新型コロナウィルス感染症に係る自立支援医療(更生医療)の取扱いついてはこちら

自立支援医療とは

 自立支援医療とは,障害者の日常生活及び社会生活を総合的に支援するための法律(以下「障害者総合支援法」という。)における自立支援給付のひとつです。障害者の心身の障害の状態の軽減を図り,自立した日常生活または社会生活を営むために必要な医療を受ける際,医療費の一部を公費で負担する制度で,更生医療,育成医療,精神通院医療の3つがあります。
 ※育成医療については子育て給付課(電話088-823-9447),精神通院医療については健康増進課(電話088-803-8005)が担当になります。

更生医療について

(1)更生医療とは

 身体障害者手帳をお持ちの満18歳以上の方で,その障害について確実な治療の効果が見込まれる医療に対して,更生のために必要な自立支援医療費の支給を行うものです。
 ※市町村民税の所得割が年23万5千円以上の世帯の方は制度対象外。
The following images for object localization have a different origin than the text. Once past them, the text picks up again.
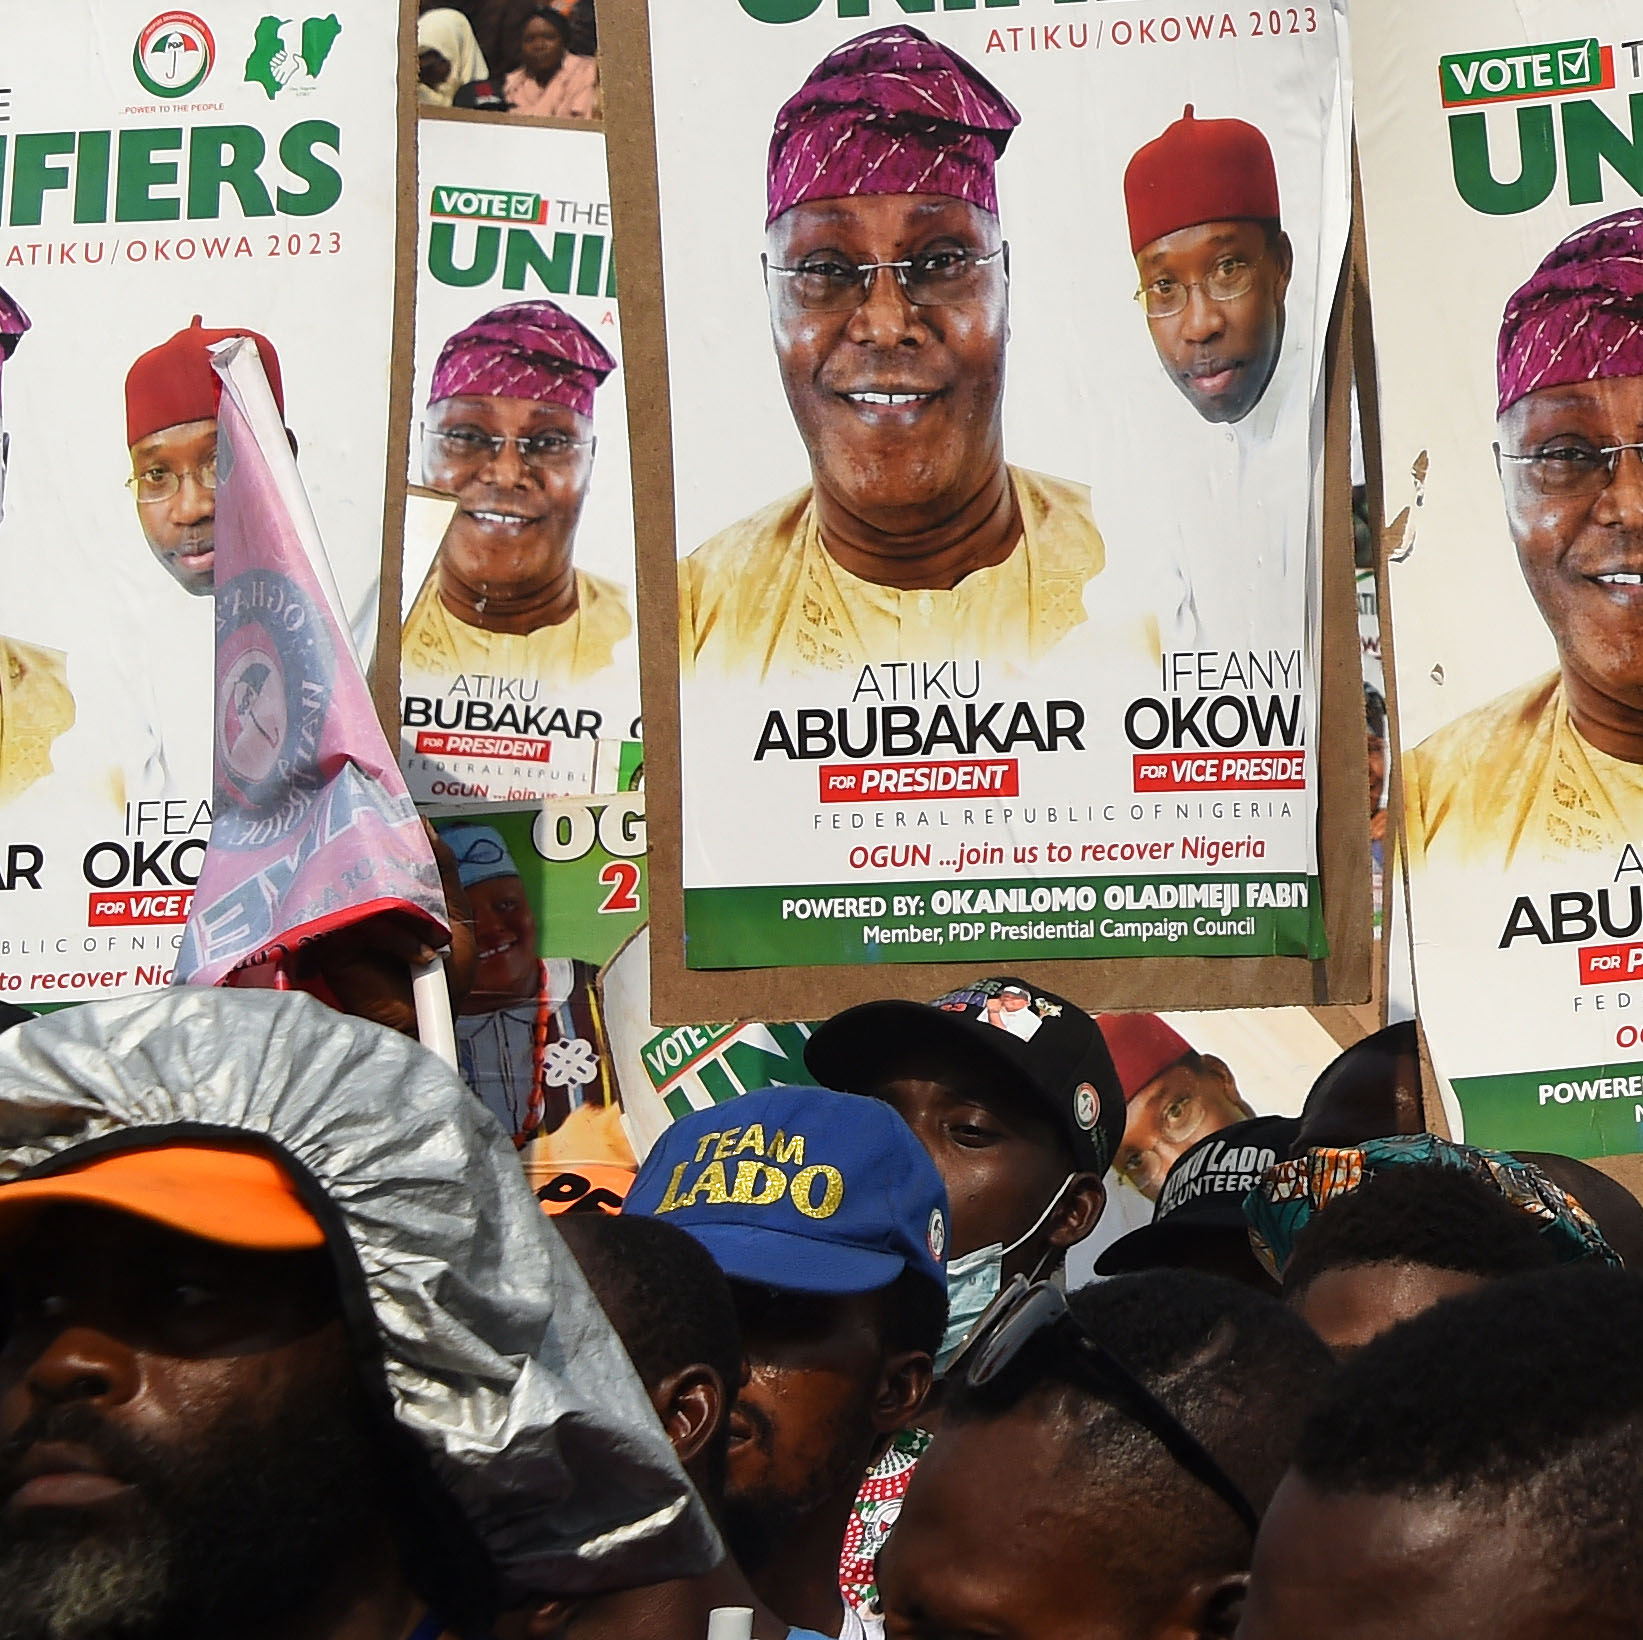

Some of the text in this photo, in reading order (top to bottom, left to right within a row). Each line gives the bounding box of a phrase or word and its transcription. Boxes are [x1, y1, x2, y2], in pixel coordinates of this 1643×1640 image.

[986, 8, 1316, 53] ATIKU/OKOWA 2023
[1451, 53, 1553, 94] VOTE
[6, 232, 340, 266] ATIKU/OKOWA 2023
[853, 650, 1301, 702] ATIKU IFEANYI
[400, 693, 603, 740] BUBAKAR
[754, 695, 1305, 761] ABUBAKAR OKOW
[829, 756, 1305, 795] FOR PRESIDENT FOR VICE PRESIDE
[815, 803, 1291, 829] FEDERAL REPUBLIC OF NIGERIA
[83, 839, 207, 888] OKO
[850, 835, 1264, 872] OGUN ...join us to recover Nigeria
[783, 897, 886, 919] POWERED
[893, 896, 924, 916] BY:
[929, 885, 1098, 917] OKANLOMO
[1103, 883, 1240, 916] OLADIMEJI
[864, 917, 1254, 944] Member, PDP Presidential Campaign Council
[1590, 956, 1621, 970] FOR
[646, 1022, 703, 1076] VOTE
[695, 1124, 805, 1171] TEAM
[654, 1158, 846, 1220] LADO
ただし高額治療継続者(重度かつ継続)に該当する場合に限り,経過措置(障害者総合支援法施行令)により対象となります。

(2)対象となる障害と主な治療内容
障 害 名 主 な 治 療 内 容
視覚障害 角膜移植術・網膜剥離に対する手術
聴覚・平衡機能障害 鼓室形成術・人工内耳埋め込み術
音声・言語・咀嚼(そしゃく)機能障害 唇顎口蓋烈の歯科矯正・術語言語療法
肢体不自由 人工関節置換術・麻痺に対する理学療法
心臓機能障害 ペースメーカー植込術・弁形成術・A-Cバイパス術・心臓移植後の抗免疫療法
腎臓機能障害 慢性透析療法・腎臓移植術・腎臓移植後の抗免疫療法
小腸機能障害 中心静脈栄養法
肝臓機能障害 肝臓移植術・肝臓移植後の抗免疫療法
免疫機能障害 HIV感染に対する療法


(3)指定自立支援医療機関(更生医療)について

 高知市内における自立支援医療(更生医療)を実施する医療機関(病院・診療所,薬局,指定訪問看護事業者等)は次のとおりです。
 なお,高知市外で高知県内に所在する医療機関は,高知県が指定していますので,掲載していません。
  病院又は診療所 [PDFファイル/134KB]
  薬局 [PDFファイル/188KB]
  指定訪問看護事業者等 [PDFファイル/88KB]
  ※指定自立支援医療機関(育成医療・更生医療)の指定についてはこちら


(4)申請について

 更生医療を受けるためには,身体障害者手帳が必要になります。手帳の発行には身体障害者手帳用の診断書等を持って申請していただく必要がありますので,医療機関の相談窓口または障がい福祉課までご相談ください。また,平成28年1月1日以降,マイナンバー法の施行に伴い,申請時に個人番号の分かるものと本人確認書類の提出が必要となります。詳しくは障がい福祉課までお問い合わせください。


(5)必要書類

  ・ 更生医療支給認定申請書 [Excelファイル/24KB]
  ・ 同意書 [Wordファイル/22KB]
  ・ 更生医療医師意見書 [Wordファイル/18KB] ((3)の指定自立支援医療機関が作成)
  ・ 身体障害者手帳
  ・ 加入保険の資格情報が確認できる書類(マイナ保険証(※), 資格確認書,資格情報のお知らせ等)
   (※)マイナ保険証の場合は,マイナポータルの健康保険情報が確認できる画面を提示してください。
  ・ 特定疾病療養受療証(腎臓機能障害による人工透析で申請する場合)

(6)期間延長・内容変更申請について

 更生医療には受給期間が定められておりますが,期間終了後も継続して同様の治療が必要な方,または状態の変化により治療内容の変更が必要となった方,それぞれについて新たに医師意見書を作成してもらい申請していただく必要があります。なお,必要書類は上記新規申請の時と同じです。
 また,住所や加入している医療保険の変更,受給者証紛失による再発行については下記の書類をご利用ください。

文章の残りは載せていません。